La settimana scorsa, il ministro dell’Economia del governo Santos, Mauricio Cardenas, ha concesso un’intervista a El Pais di Cali, uno dei principali quotidiani del paese, ed ha cercato di tranquillizzare la platea: «Contro il Mal d’Olanda siamo vaccinati, perchè abbiamo già preso l’antidodo del risparmio: ogni anno risparmiamo 1 miliardo di dollari dal settore minerario ed anche quest’anno sarà così». Gli investimenti esteri, poi, sarebbero prossimi ad aumentare nuovamente: «I capitali stranieri sta arrivando ad altri settori – rispetto a carbone, petrolio ed altri minerali – per esempio, quello del commercio, dei servizi finanziari e delle infrastrutture».

Nel marzo scorso, il suo collega, ministro del Commercio, Sergio Diaz Granados, si era recato in Italia per incentivare l’arrivo di capitali nostri sulla piazza colombiana.

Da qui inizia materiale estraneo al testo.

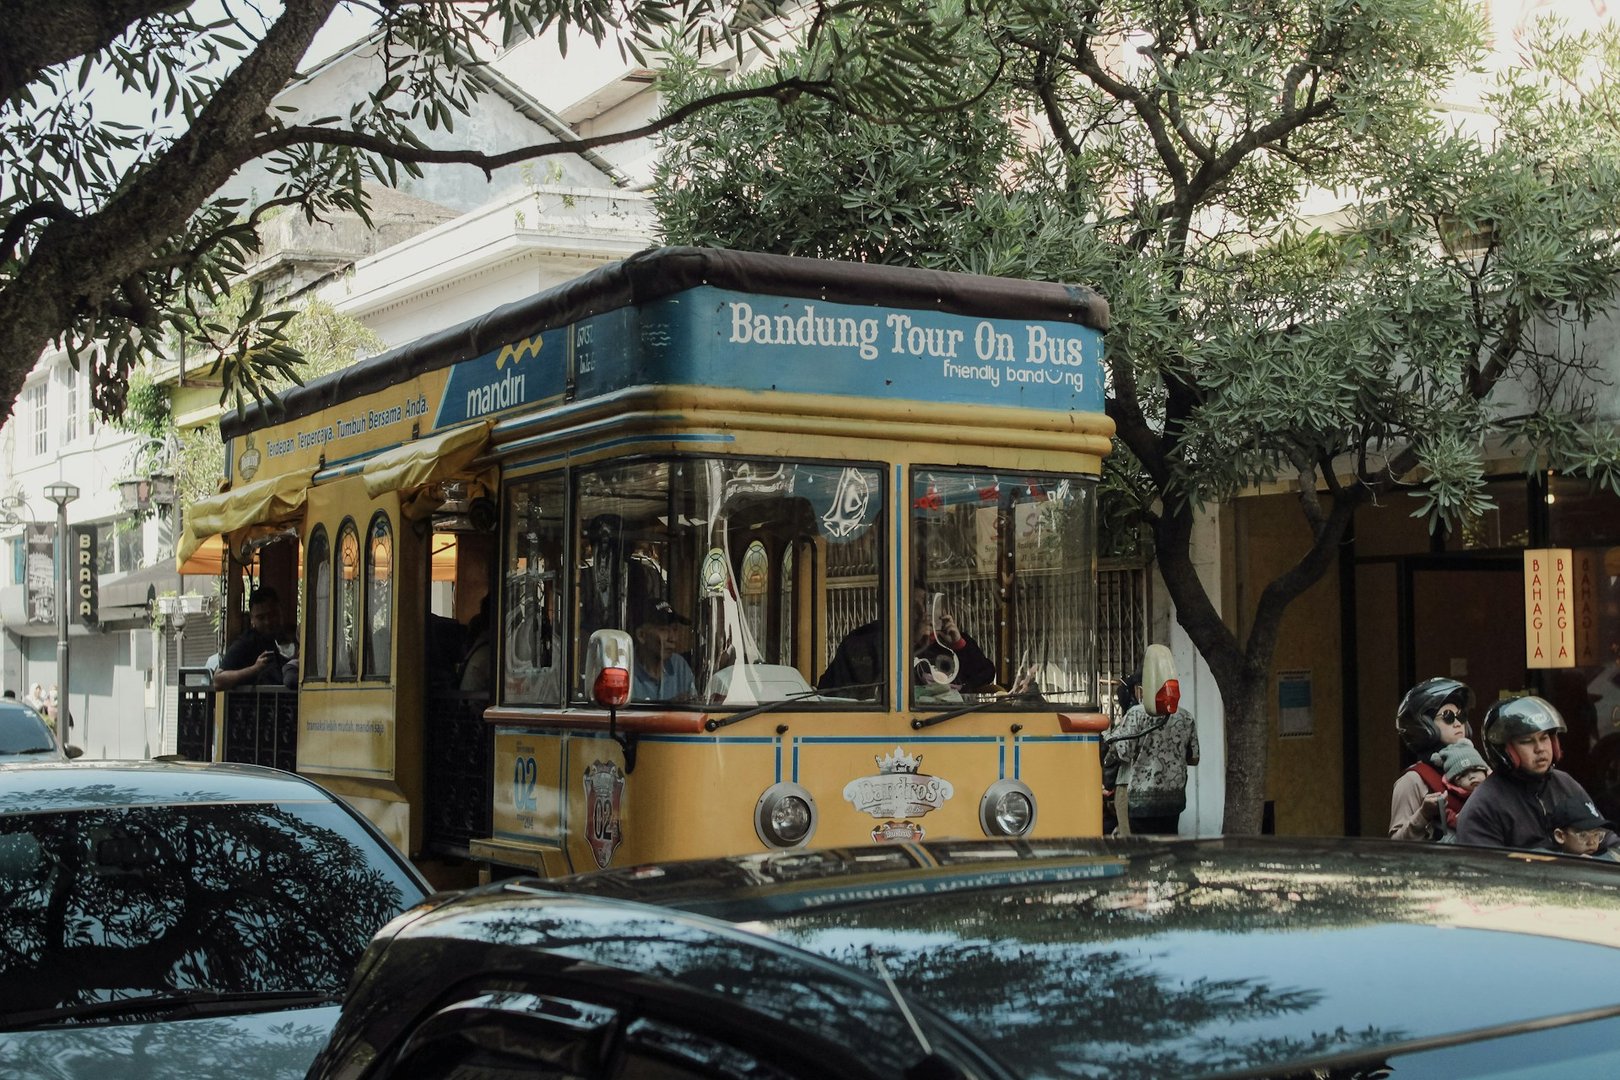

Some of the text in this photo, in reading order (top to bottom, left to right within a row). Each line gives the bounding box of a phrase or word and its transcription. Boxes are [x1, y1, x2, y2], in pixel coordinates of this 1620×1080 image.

[728, 302, 879, 361] Bandung
[886, 313, 964, 358] Tour
[974, 320, 1016, 363] On
[1025, 324, 1084, 367] Bus
[336, 416, 366, 439] Tumbuh
[368, 406, 402, 430] Bersama
[405, 394, 429, 418] Anda.
[466, 367, 526, 418] mandiri
[79, 533, 92, 616] BRAGA
[1532, 559, 1543, 659] BAHAGIA
[1556, 558, 1567, 658] BAHAGIA
[514, 756, 538, 812] 02
[593, 799, 613, 840] 02

Come riferisce Il Giornale, i settori che aveva indicato come più interessanti, perchè «sono complementari tra i due paesi», erano stati quello del energie rinnovabili, l’alimentare (soprattutto il cacao), il tessille e le infrastrutture, «nei quali la Colombia ha forti prospettive di sviluppo e l’Italia può apportare esperienza e tecnologie». In Colombia operano già da molti anni diverse grandi aziende del nostro paese, come l’Enel, l’Iveco e l’Impregilo e, se sebbene gli investimenti dall’estero siano calati, fare affari a piccolo, medio e grande livello su questo mercato continua a sembrare promettente.

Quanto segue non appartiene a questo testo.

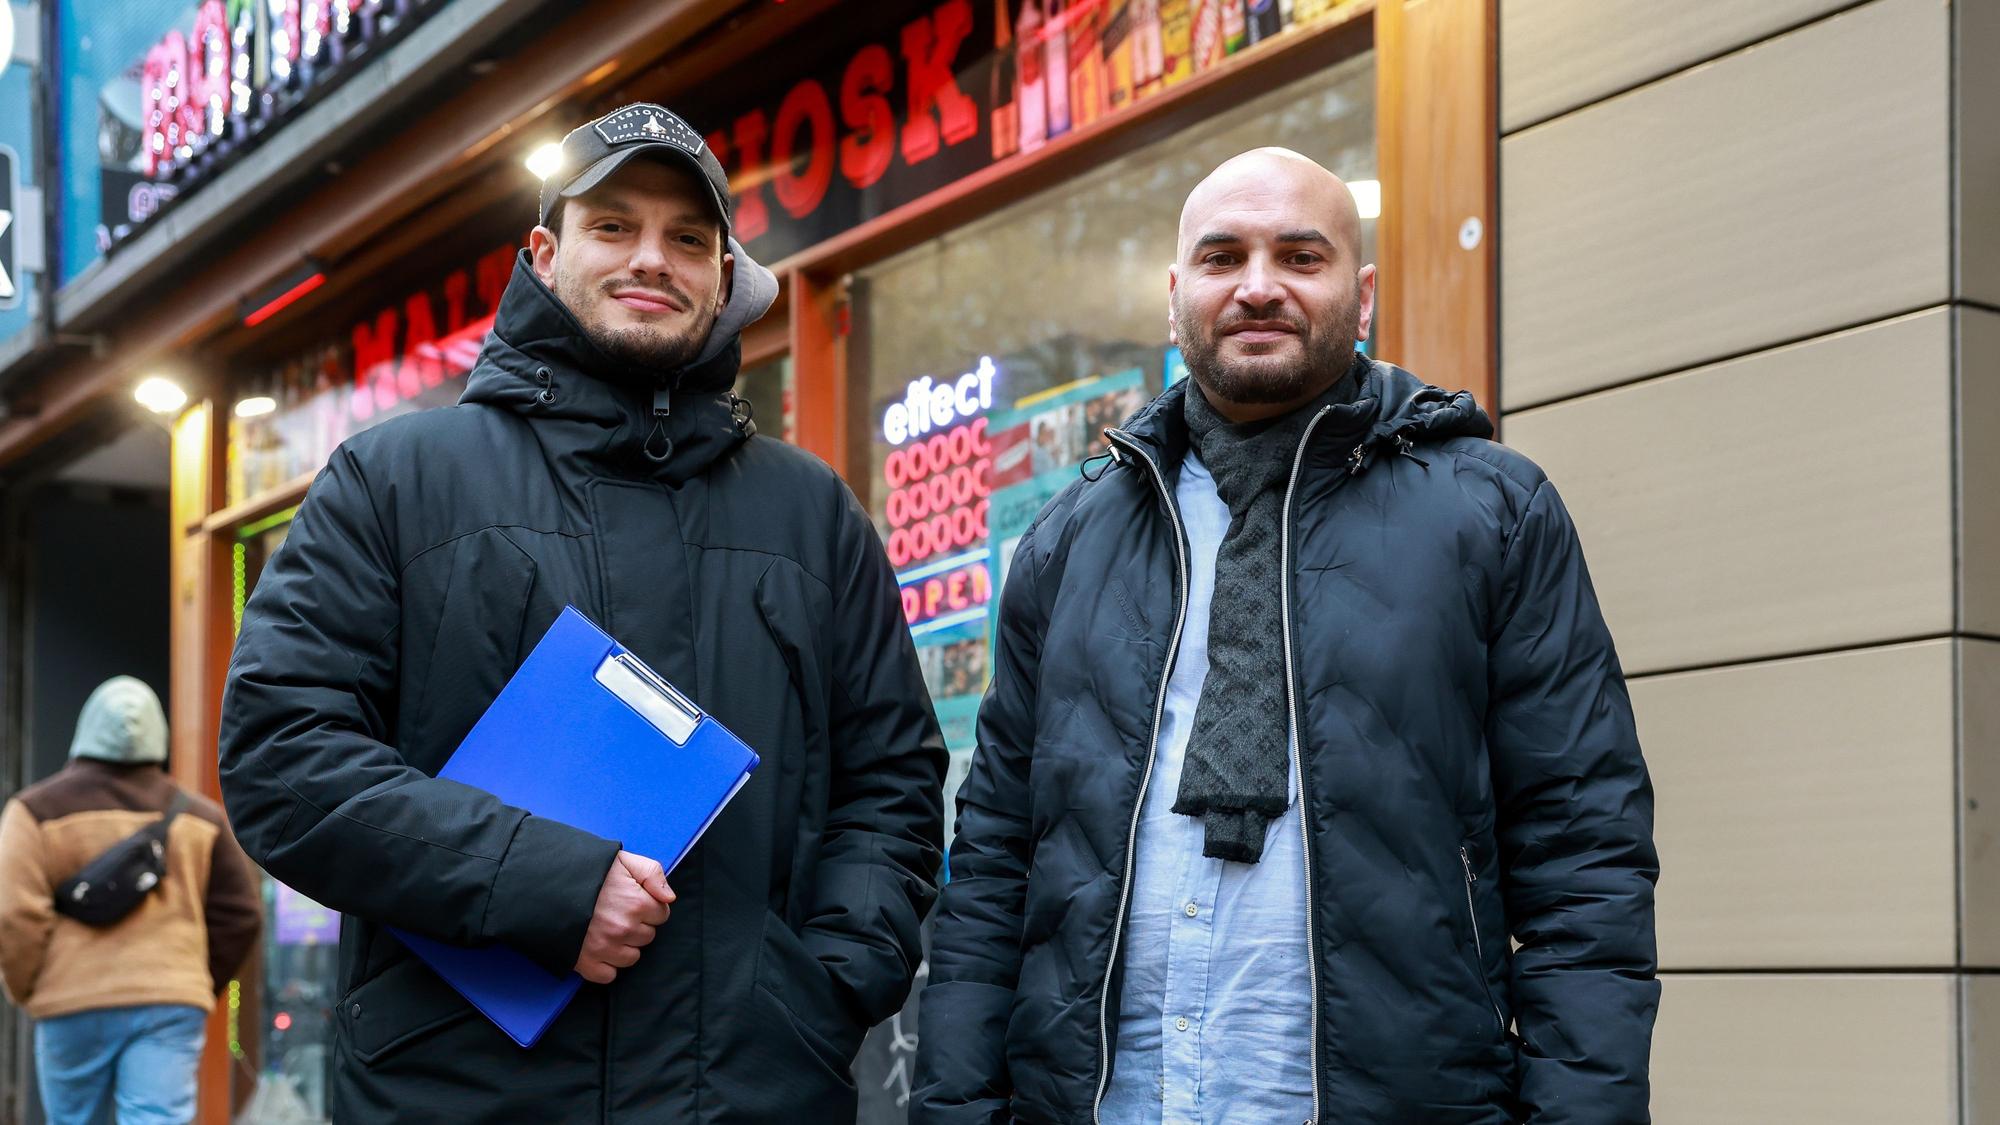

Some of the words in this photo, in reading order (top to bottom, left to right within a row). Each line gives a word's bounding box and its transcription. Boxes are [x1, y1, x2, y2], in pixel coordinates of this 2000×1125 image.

[608, 109, 694, 136] VISIONARY
[612, 131, 647, 142] SPACE
[651, 132, 695, 152] MISSION
[884, 355, 996, 444] effect

Il motivo è che il costo della vita, della manodopera e dei materiali è molto basso, i tassi di interesse sono ora molto più piccoli di quanto non fossero in passato e, globalmente, il paese viene considerato stabile. Al forum di Davos, lo stesso ministro Cardenas ha infatti annunciato l’emissione di bond colombiani sui mercati internazionali, ad un costo del 2,7%: «il tasso più basso della nostra storia», ha precisato davanti al giornalita de El Pais, al quale ha detto anche: «Si, c’è ancora spazio per abbassare il costo del credito» interno deciso dalla Banca Centrale e stimolare l’industria.

In merito alla manifattura, la parte dell’organismo in cui si manifestano i sintomi del Mal d’Olanda, il funzionario ha risposto anche a chi è preoccupato per la rivalutazione del peso colombiano ed al rincaro dei prodotti nazionali rispetto alla concorrenza estera che questo comporta: «Il governo ha ancora munizioni per sostenere il dollaro», comprandone e tenendo il prezzo attorno a 1.800 pesos, ha promesso. Dal suo punto di vista, il settore in cui oggi sarebbe più problematico investire è quello immobiliare: soprattutto a Bogotà, «è completamente paralizzato, a causa di decisioni amministrative che bloccano i permessi e non approvigionano con l’acqua i nuovi complessi residenziali». Gli imprevisti, invece, arrivano soprattutto dal Venezuela: «La situazione colombiana dipenderà molto dall’andamento di questa economia», che con i suoi acquisti «compensa il calo nelle vendite rispetto ad altre destinazioni internazionali».